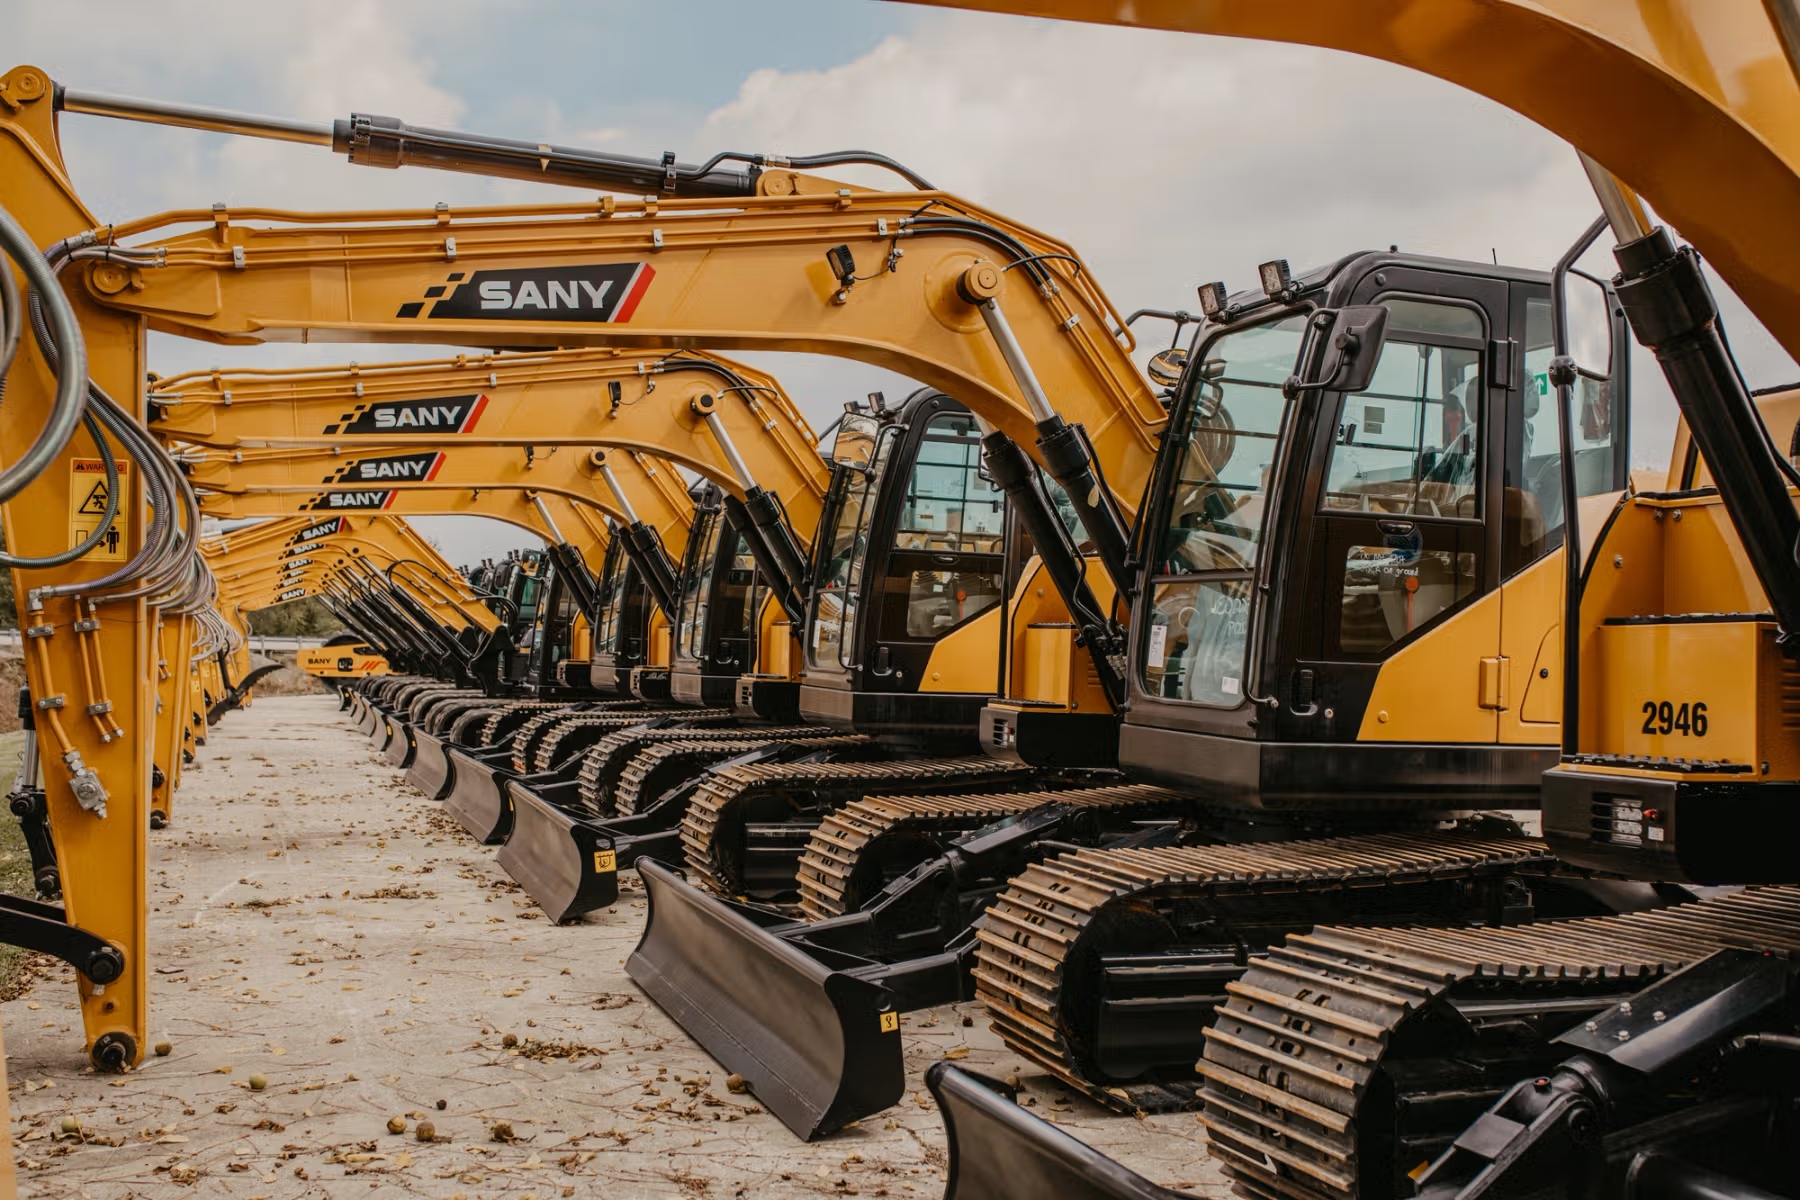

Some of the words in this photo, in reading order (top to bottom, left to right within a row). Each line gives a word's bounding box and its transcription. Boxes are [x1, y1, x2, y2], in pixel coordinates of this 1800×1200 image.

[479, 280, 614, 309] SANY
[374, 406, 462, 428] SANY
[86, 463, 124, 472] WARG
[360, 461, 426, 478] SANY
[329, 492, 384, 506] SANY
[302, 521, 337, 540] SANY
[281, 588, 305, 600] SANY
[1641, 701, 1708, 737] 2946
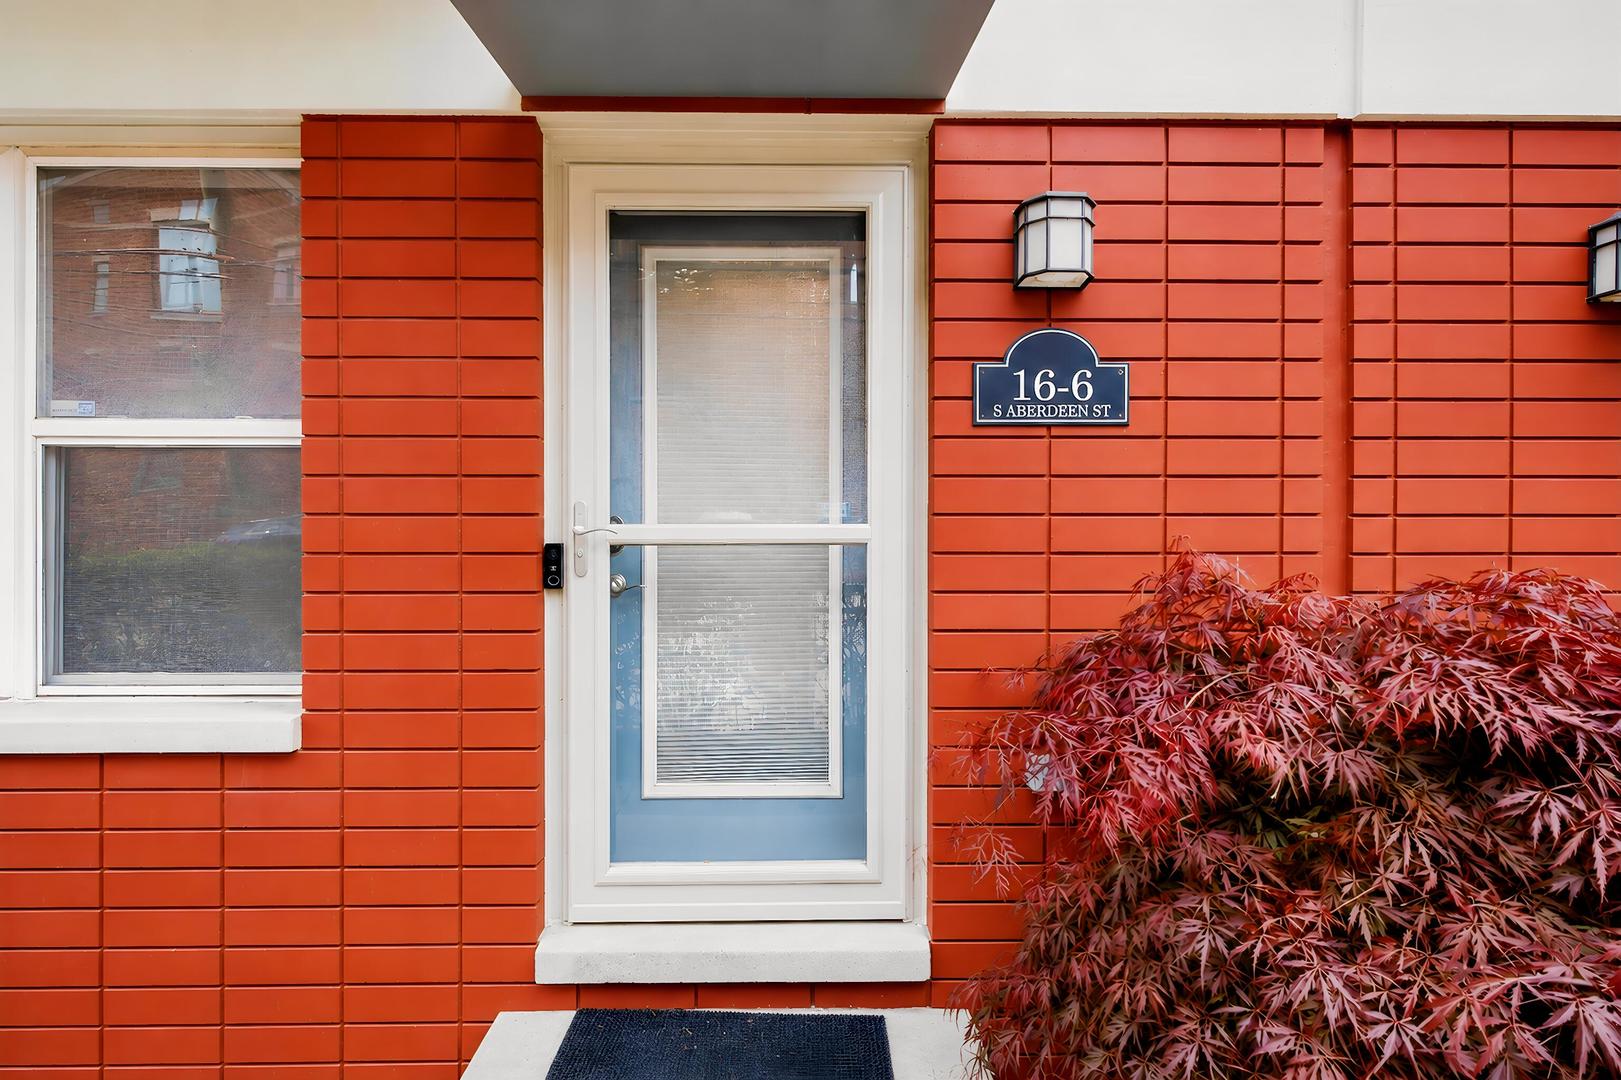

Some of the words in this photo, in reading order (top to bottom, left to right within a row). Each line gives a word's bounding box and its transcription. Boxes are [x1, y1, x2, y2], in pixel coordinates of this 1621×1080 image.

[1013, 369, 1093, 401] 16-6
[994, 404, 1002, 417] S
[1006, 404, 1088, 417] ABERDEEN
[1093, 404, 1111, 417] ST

◇ ◇ ◇ ◇

Exercise objective:
Wherever a picture appears in the data, please drop it and retype the rest exactly.

Exercise response:
Some of the words in this photo, in reading order (top to bottom, left to right within a row). Each line gives a word's bounding box and its transcription. Boxes are [x1, y1, x2, y2], in pixel coordinates of this 1800×1200 image.

[479, 280, 614, 309] SANY
[374, 406, 462, 428] SANY
[86, 463, 124, 472] WARG
[360, 461, 426, 478] SANY
[329, 492, 384, 506] SANY
[302, 521, 337, 540] SANY
[281, 588, 305, 600] SANY
[1641, 701, 1708, 737] 2946

Some of the words in this photo, in reading order (top to bottom, left to right within a row). Each line gives a word's bounding box and its transcription. Boxes are [x1, y1, x2, y2], in pixel coordinates of this 1621×1080 image.

[1013, 369, 1093, 401] 16-6
[994, 404, 1002, 417] S
[1006, 404, 1088, 417] ABERDEEN
[1093, 404, 1111, 417] ST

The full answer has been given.